Figure 4: Time course of cell tethering and microtentacle fixation on thermal-crosslinked surface.

A-B. Percent of tethered cell retention after sequentially washing A) MDA-MB-436 or B) MDA-MB-231TD cells on microfluidic slides coated with thermal-crosslinked (PMA/PAAm)₁+DOTAP after the indicated time points. Data are shown as mean ± SEM, n=3; ***, P < 0.001 vs. 1 minute (two-way ANOVA with Bonferroni posttest). C) Representative images of tethered MDA-MB-436 cells stained with NucBlue Live ReadyProbes Reagent on microfluidic slides coated with thermal-crosslinked (PMA/PAAm)₁+DOTAP either washing after 1 minute (top panel) of tethering time or 5 minutes (bottom panel). Images were taken at 4X magnification in the DAPI channel on the Nikon Eclipse Ti2-E inverted microscope. Scale bar = 500μm. D-E) Quantification of the perimeter of either D) MDA-MB-436 cells or E) MDA-MB-231TD cells at each of the indicated time points analyzed by ImageJ. Data are shown as mean ± SEM, n=3; All multiple comparisons are significant with P < 0.001 unless otherwise stated on graph; **, P < 0.01; NS, P > 0.05 vs. indicated data point (one-way ANOVA with Bonferroni posttest).

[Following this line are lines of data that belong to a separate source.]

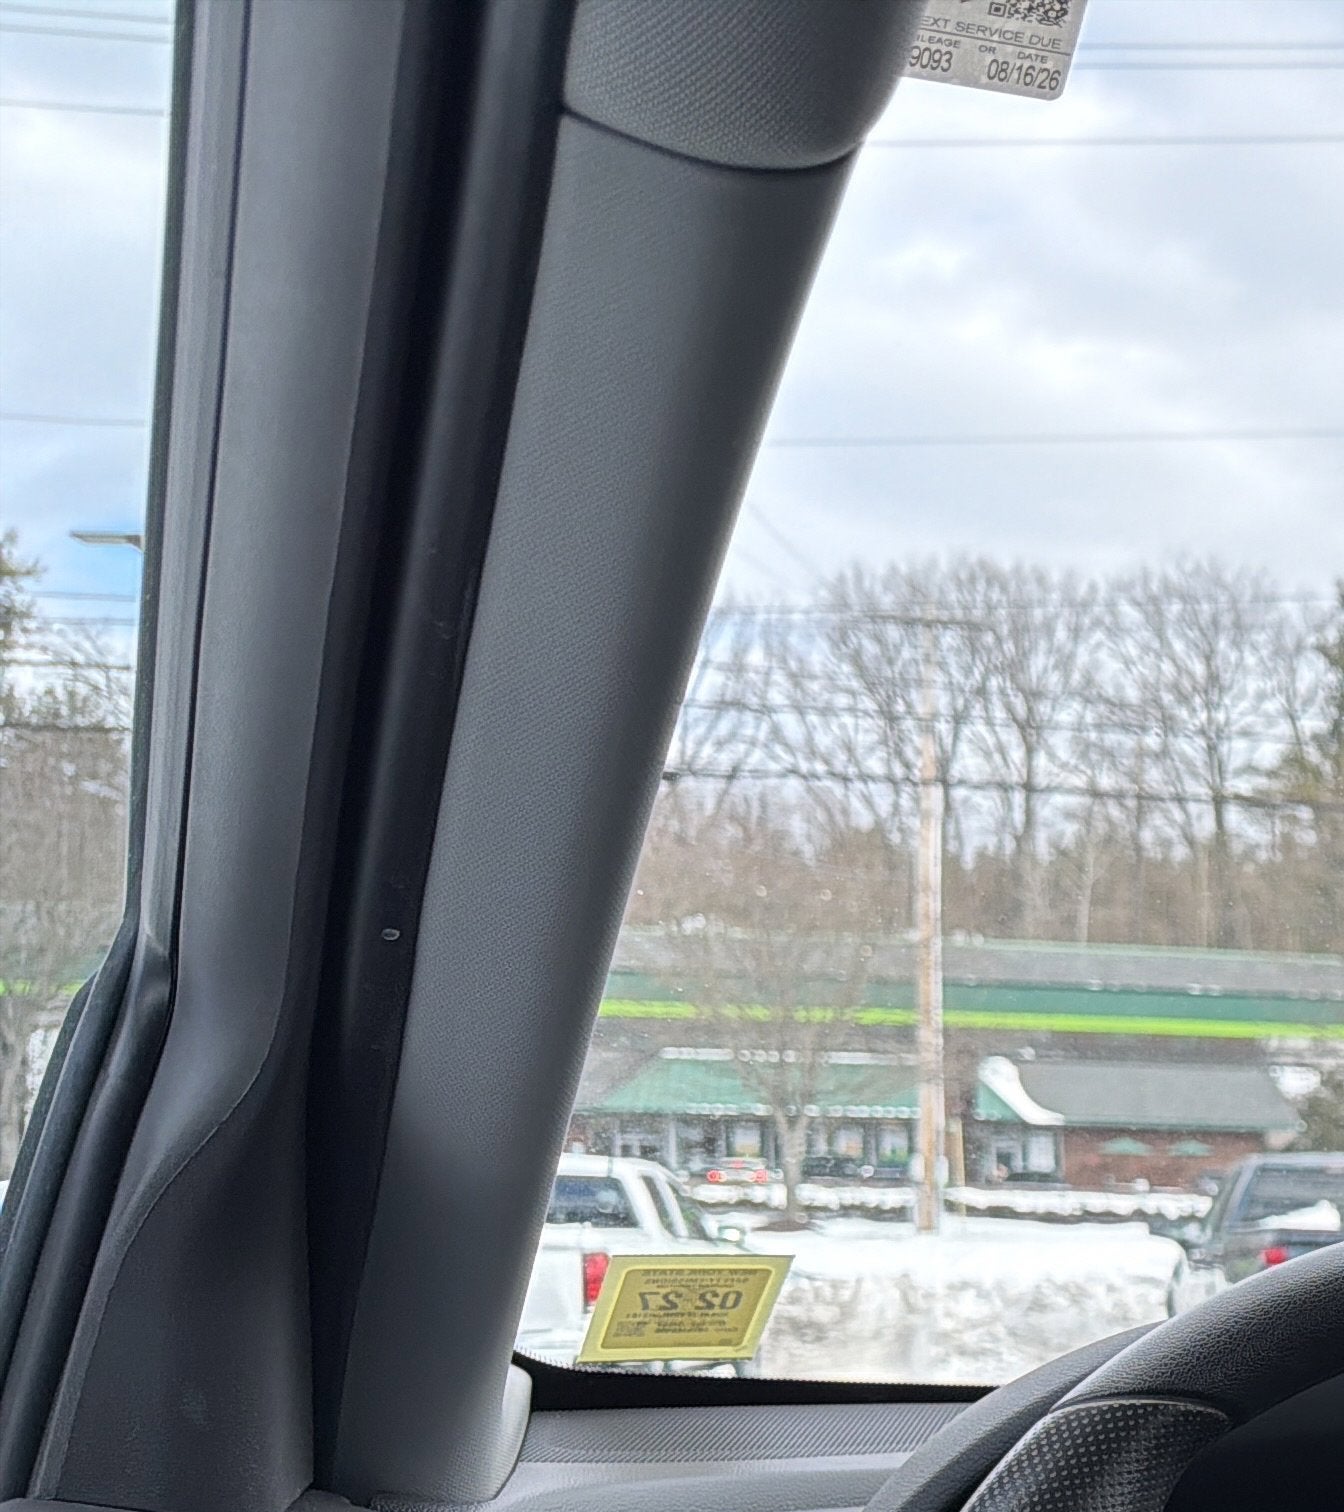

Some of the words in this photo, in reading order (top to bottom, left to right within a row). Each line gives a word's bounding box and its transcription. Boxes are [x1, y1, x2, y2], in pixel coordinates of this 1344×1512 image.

[921, 15, 951, 29] EXT
[955, 21, 1025, 43] SERVICE
[1029, 34, 1064, 49] DUE
[916, 34, 962, 49] ILEAGE
[978, 44, 997, 55] OR
[1017, 51, 1049, 64] DATE
[986, 58, 1062, 91] 08/16/26

F) Representative images of tethered MDA-MB-436 cells fixed at either 1, 5 ,15, 30, 45, or 60 min post-tethering and stained with Hoechst 33258 (1:5000) and WGA (1:100). Images were taken at 60X magnification using an Olympus IX81 microscope with a Fluoview FV1000 confocal laser scanning system. Scale bar = 20μm.